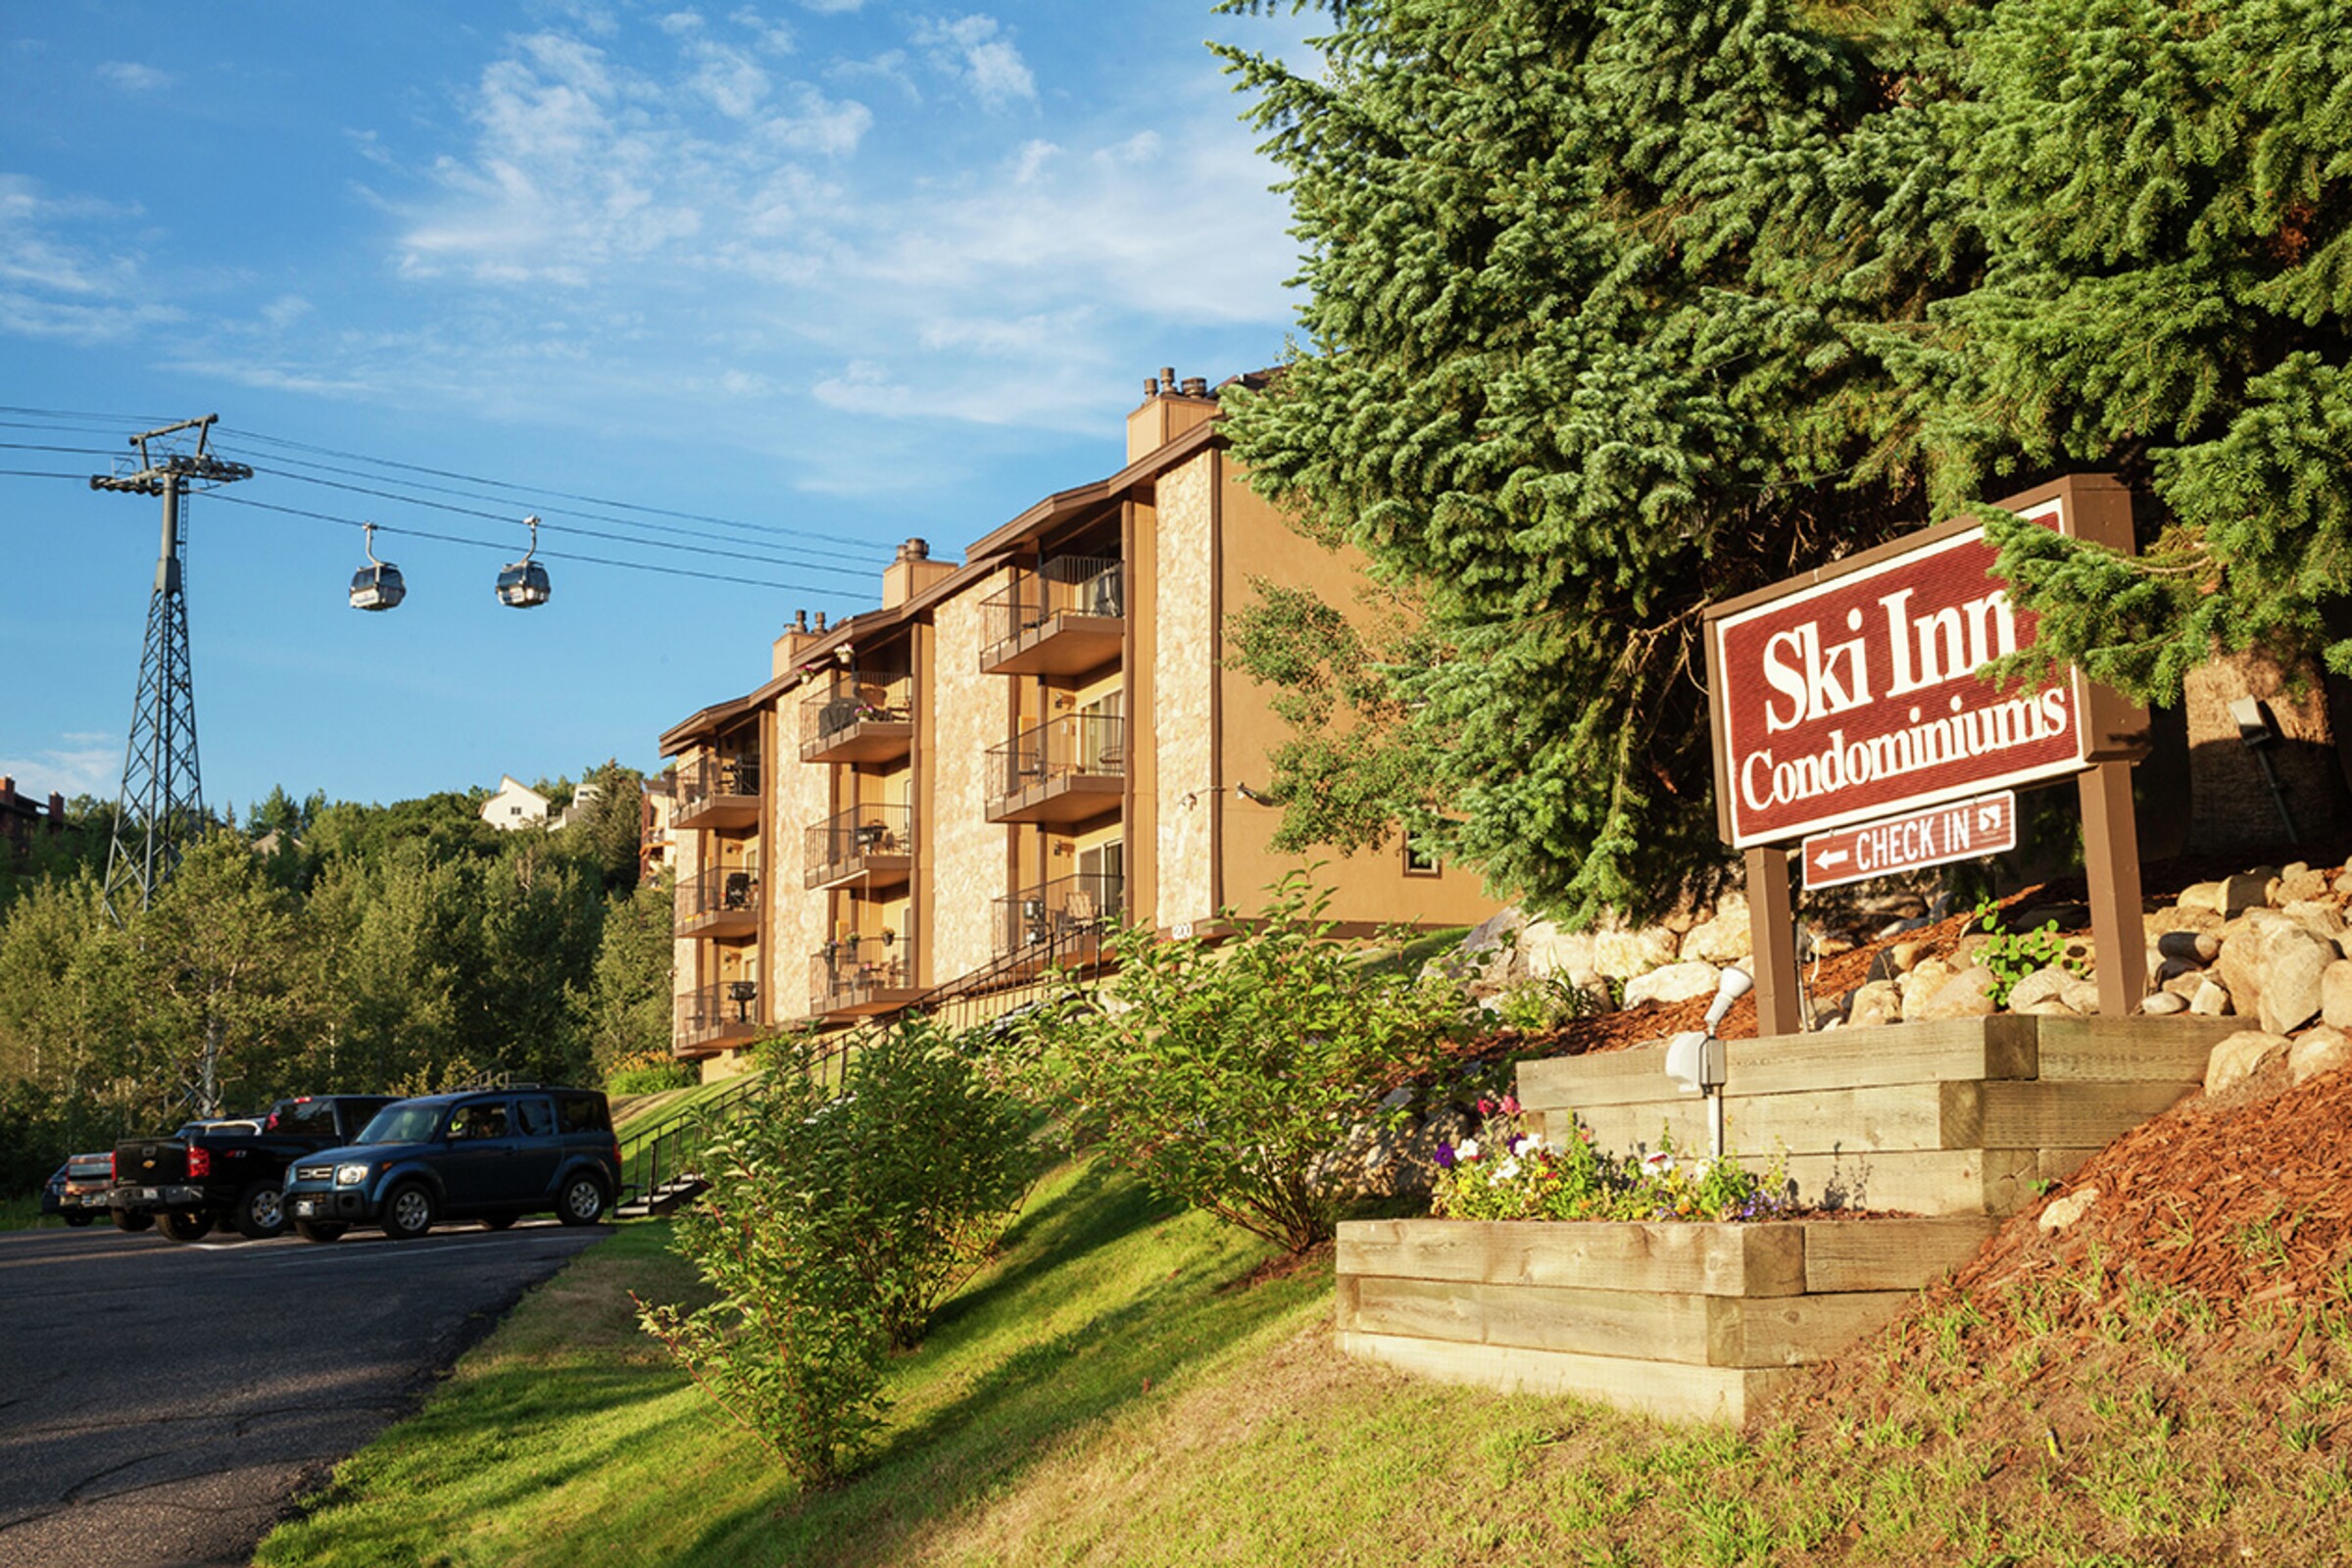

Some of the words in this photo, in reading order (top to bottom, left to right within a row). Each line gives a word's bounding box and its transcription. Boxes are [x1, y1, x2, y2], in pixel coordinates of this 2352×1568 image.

[1763, 608, 1874, 734] Ski
[1880, 588, 2018, 698] Inn
[1740, 687, 2067, 810] Condominiums
[1856, 816, 1935, 870] CHECK
[1943, 808, 1970, 852] IN

---

The task
Word for word, return the material above, but drop the pictures.

Completed exercise
Some of the words in this photo, in reading order (top to bottom, left to right within a row). Each line gives a word's bounding box and its transcription. Boxes are [x1, y1, x2, y2], in pixel coordinates of this 2352×1568 image.

[1763, 608, 1874, 734] Ski
[1880, 588, 2018, 698] Inn
[1740, 687, 2067, 810] Condominiums
[1856, 816, 1935, 870] CHECK
[1943, 808, 1970, 852] IN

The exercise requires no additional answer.